> [Exercise data]:
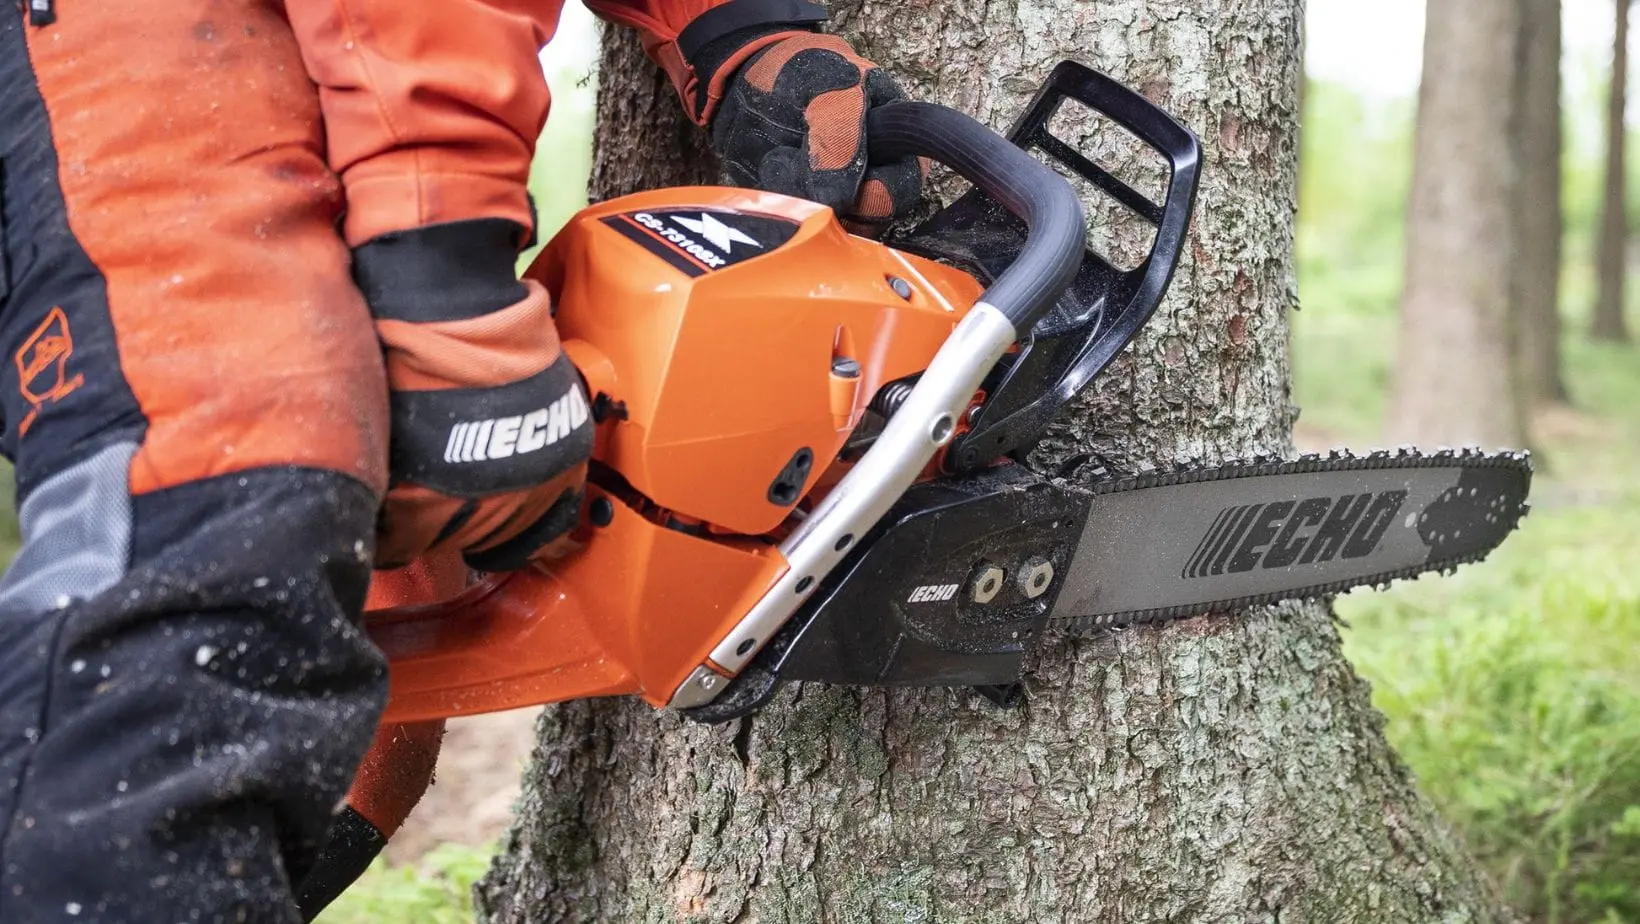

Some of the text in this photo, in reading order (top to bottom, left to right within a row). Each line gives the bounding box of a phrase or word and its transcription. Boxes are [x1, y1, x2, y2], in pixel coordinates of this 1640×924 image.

[487, 382, 588, 460] ECHO
[1226, 489, 1408, 574] ECHO
[915, 584, 959, 602] ECHO
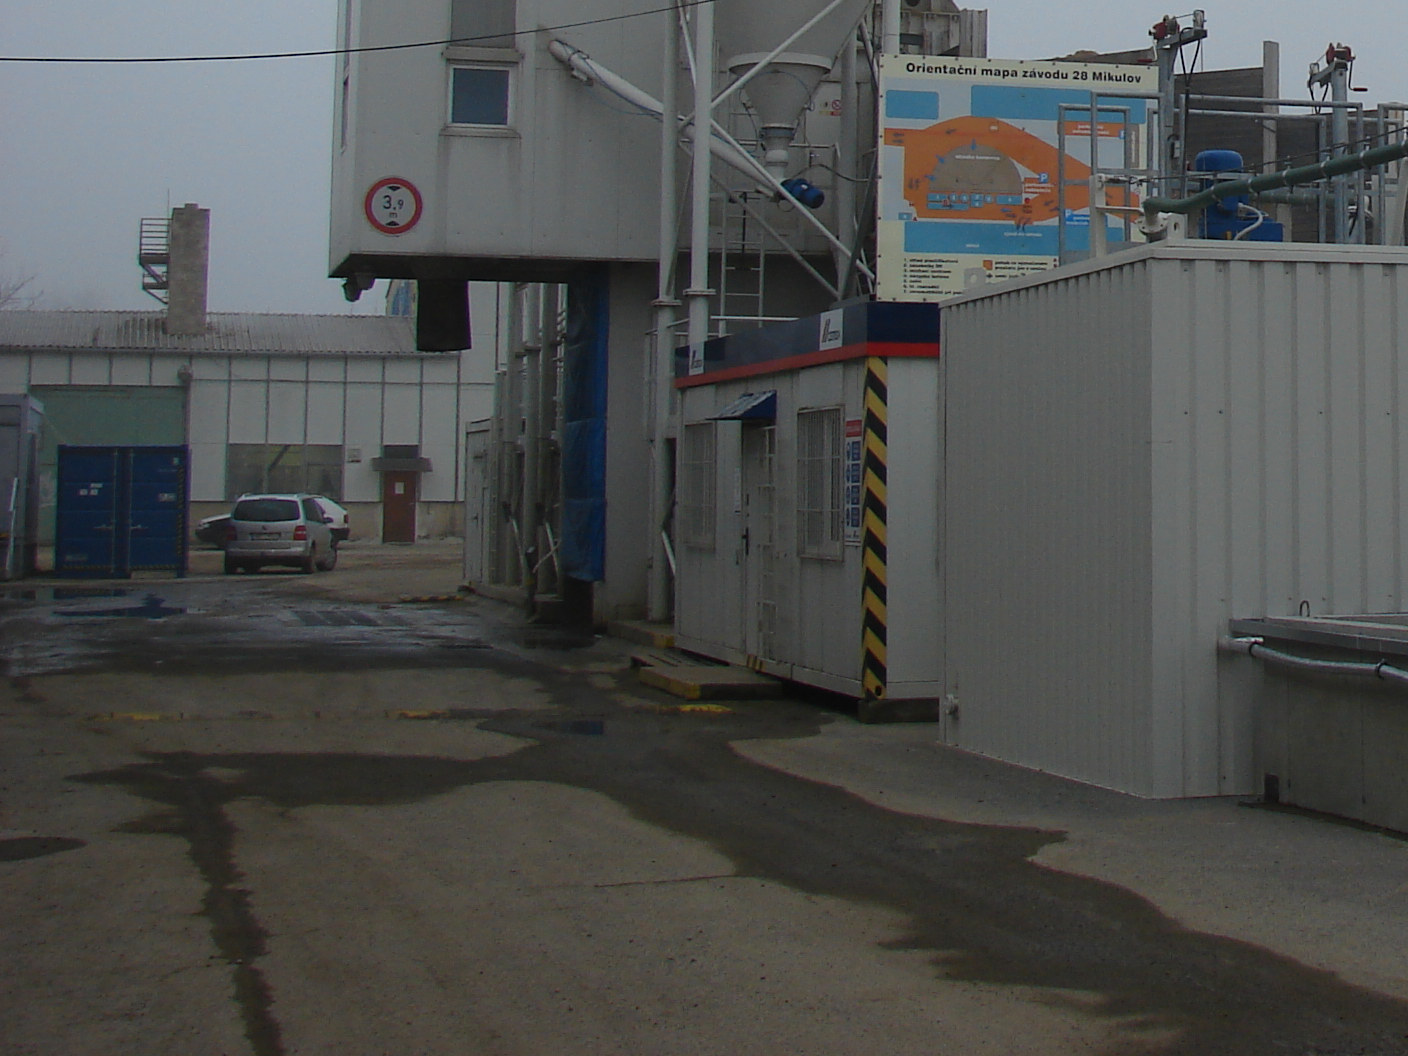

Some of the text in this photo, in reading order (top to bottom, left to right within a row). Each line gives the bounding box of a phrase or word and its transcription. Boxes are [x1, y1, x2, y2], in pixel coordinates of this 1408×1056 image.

[906, 62, 1142, 84] Orientační mapa závodu 28 Mikulov

> [Instructions for the task]:
Please set down the records above verbatim, with each picture left out.

> [Output below]:
Some of the text in this photo, in reading order (top to bottom, left to right within a row). Each line gives the bounding box of a phrase or word and its transcription. Boxes are [x1, y1, x2, y2], in pixel coordinates of this 1640×924 image.

[487, 382, 588, 460] ECHO
[1226, 489, 1408, 574] ECHO
[915, 584, 959, 602] ECHO

Some of the text in this photo, in reading order (top to bottom, left to right within a row). Each line gives the bounding box of a phrase or word and its transcription. Boxes are [x1, y1, x2, y2], in pixel coordinates of this 1408×1056 image.

[906, 62, 1142, 84] Orientační mapa závodu 28 Mikulov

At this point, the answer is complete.